Do you have any favourite pieces of stationery? Any new purchases you’re getting a lot of use out of lately, or classics you keep going back to?
I have a Midori multi ruler that has been very useful to me. It opens up kind of like a compass and helps me draw things like the sun’s rays. Speaking of the compass, I found an old compass from a childhood pencil box and that’s how I draw any circle. It still uses the original piece of graphite and I’m not sure what to do with the compass when the graphite runs out. And speaking of compass graphite running out, I’ve recently bought a circle stencil.
Can you share your top stationery shopping spots with us?

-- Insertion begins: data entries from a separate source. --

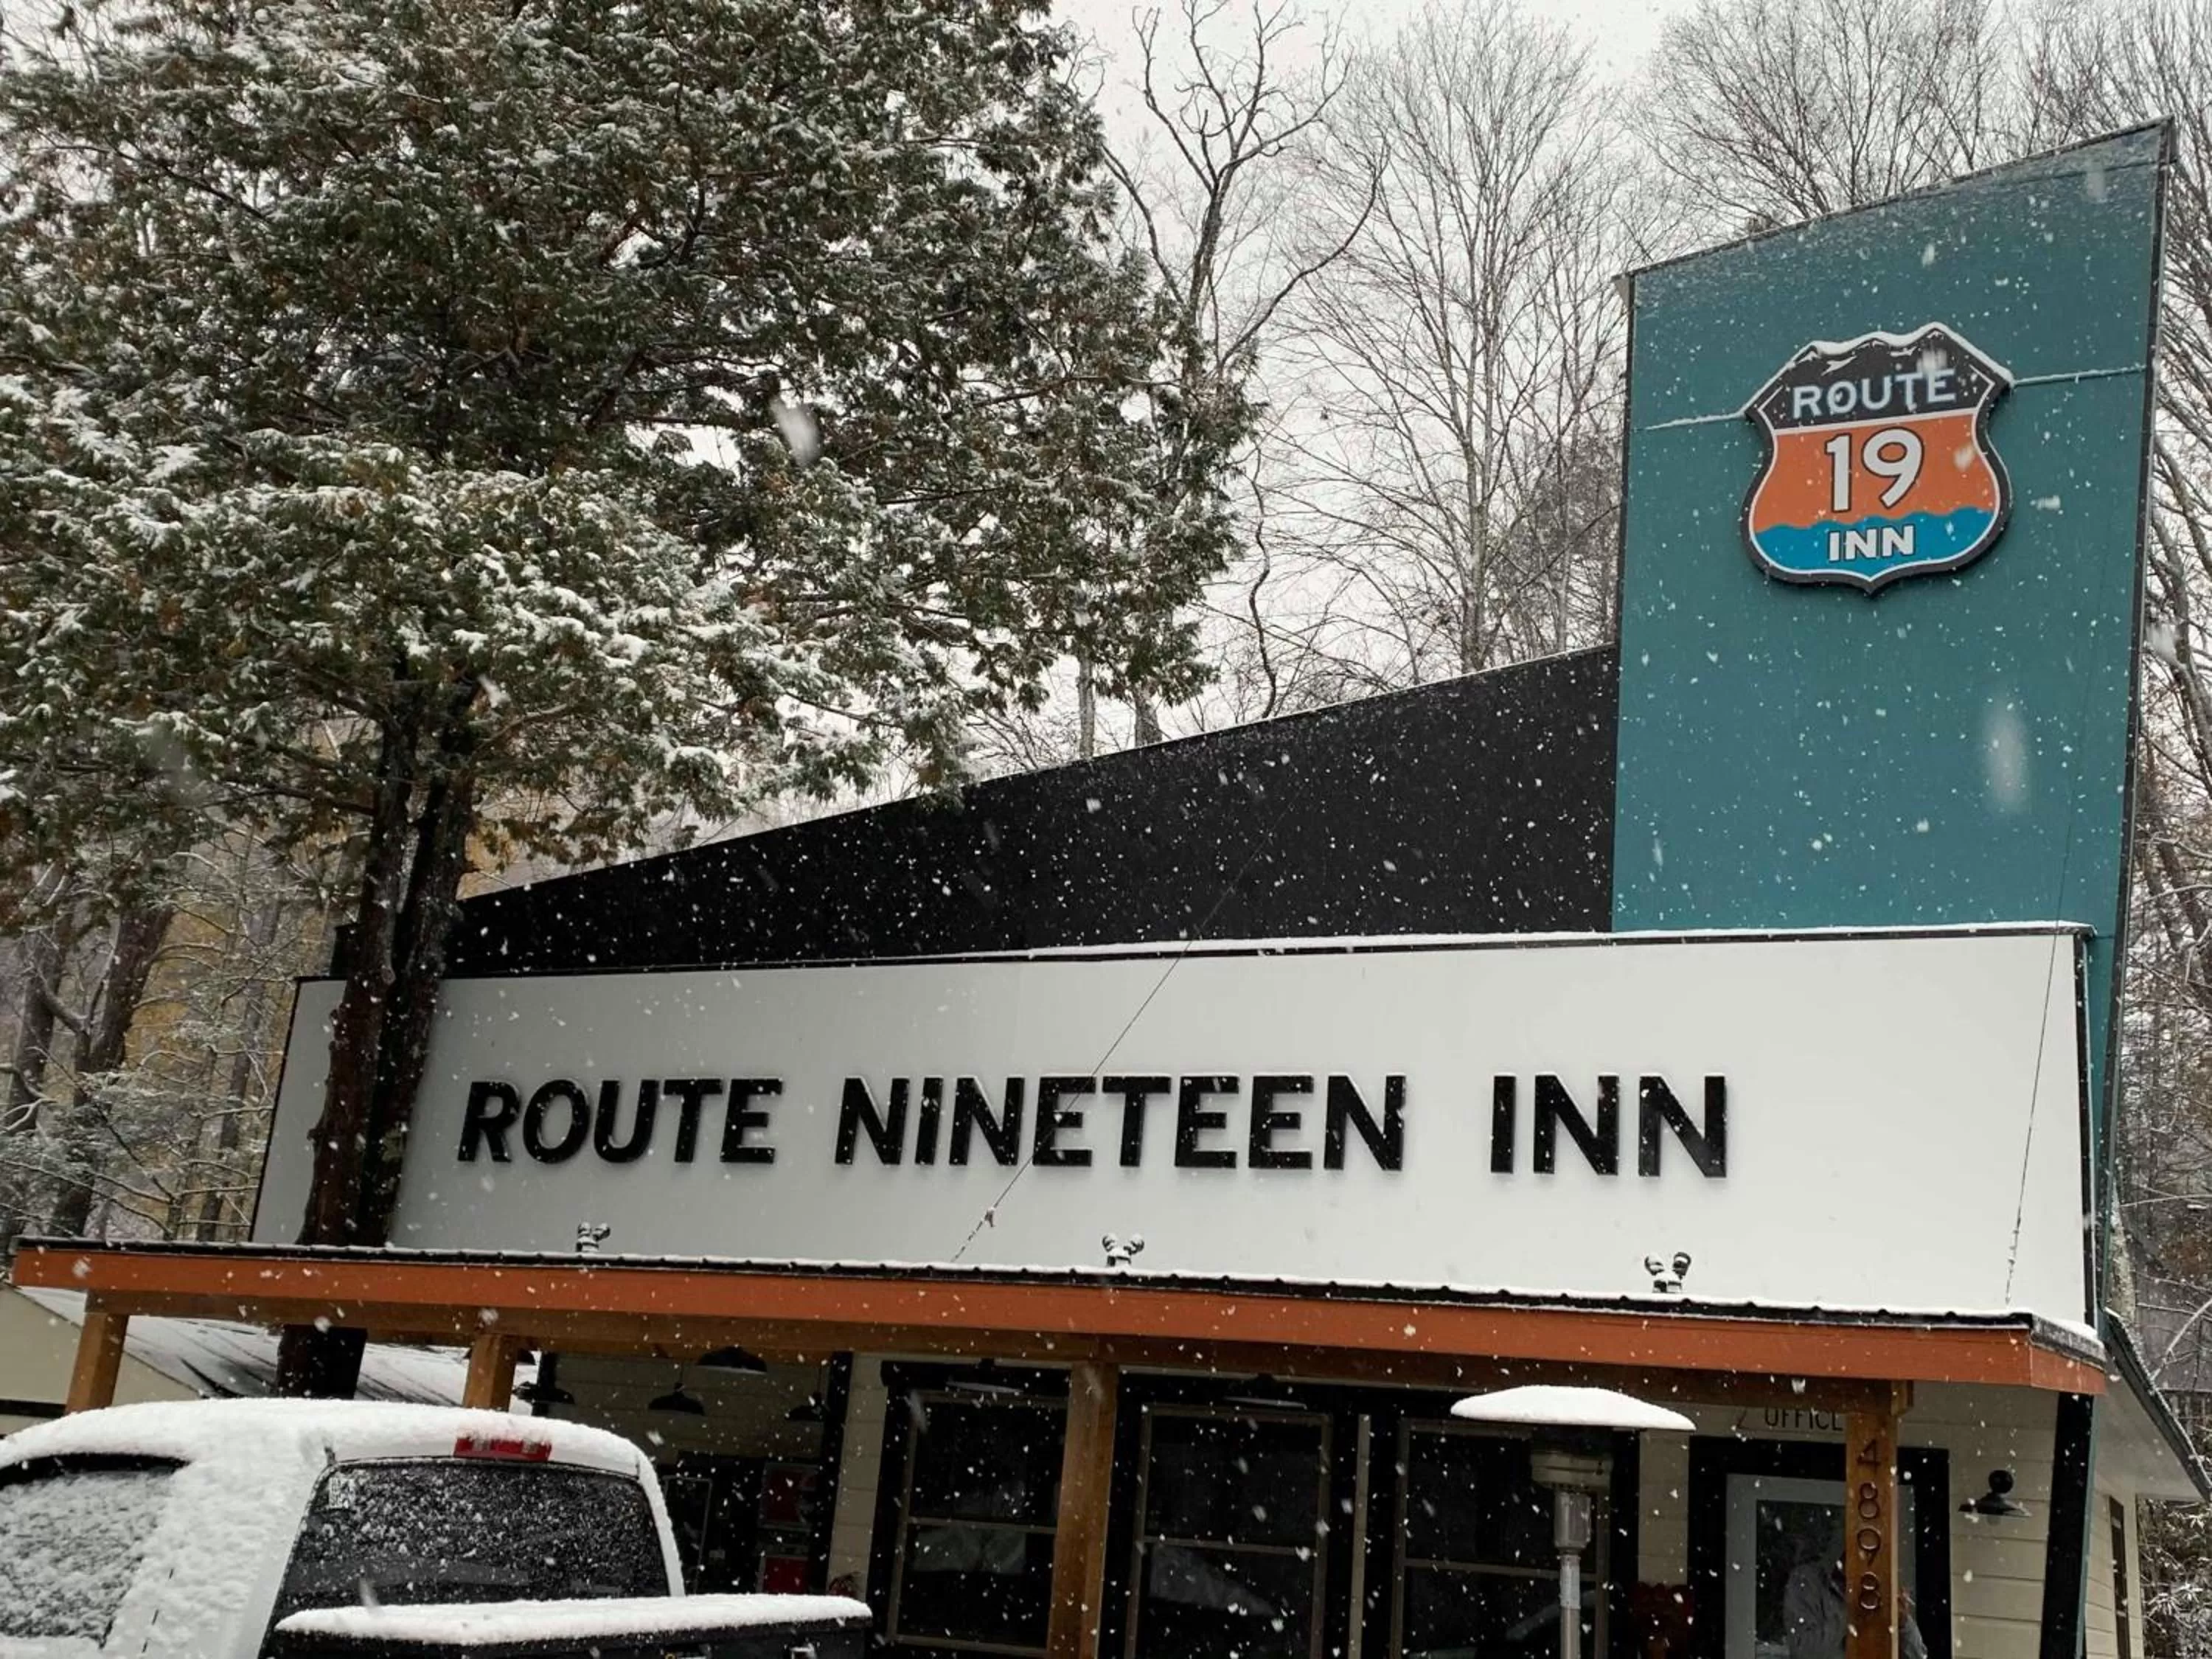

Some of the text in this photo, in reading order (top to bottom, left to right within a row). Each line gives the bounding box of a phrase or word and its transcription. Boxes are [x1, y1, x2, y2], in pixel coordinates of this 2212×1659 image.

[1792, 369, 1956, 419] ROUTE
[1825, 426, 1924, 514] 19
[1828, 524, 1915, 562] INN
[457, 1074, 1726, 1178] ROUTE NINETEEN INN
[1857, 1439, 1881, 1610] 4898

Oh, man, I can spend hours just staring at all the different kinds of writing instruments and novelty desk items. When I used to live in New York I liked visiting Muji, Blick, Kinokuniya, Greenwich Letterpress, Bowne & Co. Stationers and pretty much any Chinatown stationery and bookstore. I don’t collect as much stationery as I used to because now the ultimate goal of most purchases is to make camera ready art but it still feels good to go back to these shops and buy things that are interesting and also useful.
Paper is most satisfying in the form of…
I love good packaging and, of course, analog printing!
If you could have a rummage in anybody’s pencil case whose would it be?
I think it would be Robert Crumb’s pencil case. I imagine there’s lots of cool stuff living in there.
What’s been your biggest stationery indulgence?
My Heidelberg letterpress has been my most expensive indulgence to this day. It has its own quirks and as I learn more about letterpress printing it becomes even more useful. It is a remarkably engineered thing that can do much more than printing.
Any parting thoughts or anecdotes on your love of stationery?
William Morris said it best — “Have nothing in your house that you do not know to be useful, or believe to be beautiful.” And with these things, keep making more crazy, amazing things.